Task item: Read the data below. Then repeat all of it exactly.

Phrase grounding data
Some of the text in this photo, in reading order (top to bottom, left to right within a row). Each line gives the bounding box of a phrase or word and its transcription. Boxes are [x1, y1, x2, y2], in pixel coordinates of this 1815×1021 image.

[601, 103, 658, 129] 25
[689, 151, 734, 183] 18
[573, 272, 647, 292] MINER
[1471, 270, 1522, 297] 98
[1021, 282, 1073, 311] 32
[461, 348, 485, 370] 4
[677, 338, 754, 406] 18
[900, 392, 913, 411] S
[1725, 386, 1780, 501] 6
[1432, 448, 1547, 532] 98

Answer box:
Some of the text in this photo, in reading order (top to bottom, left to right within a row). Each line gives the bounding box of a phrase or word and its transcription. Boxes are [x1, y1, x2, y2], in pixel coordinates of this 1815×1021 image.

[601, 103, 658, 129] 25
[689, 151, 734, 183] 18
[573, 272, 647, 292] MINER
[1471, 270, 1522, 297] 98
[1021, 282, 1073, 311] 32
[461, 348, 485, 370] 4
[677, 338, 754, 406] 18
[900, 392, 913, 411] S
[1725, 386, 1780, 501] 6
[1432, 448, 1547, 532] 98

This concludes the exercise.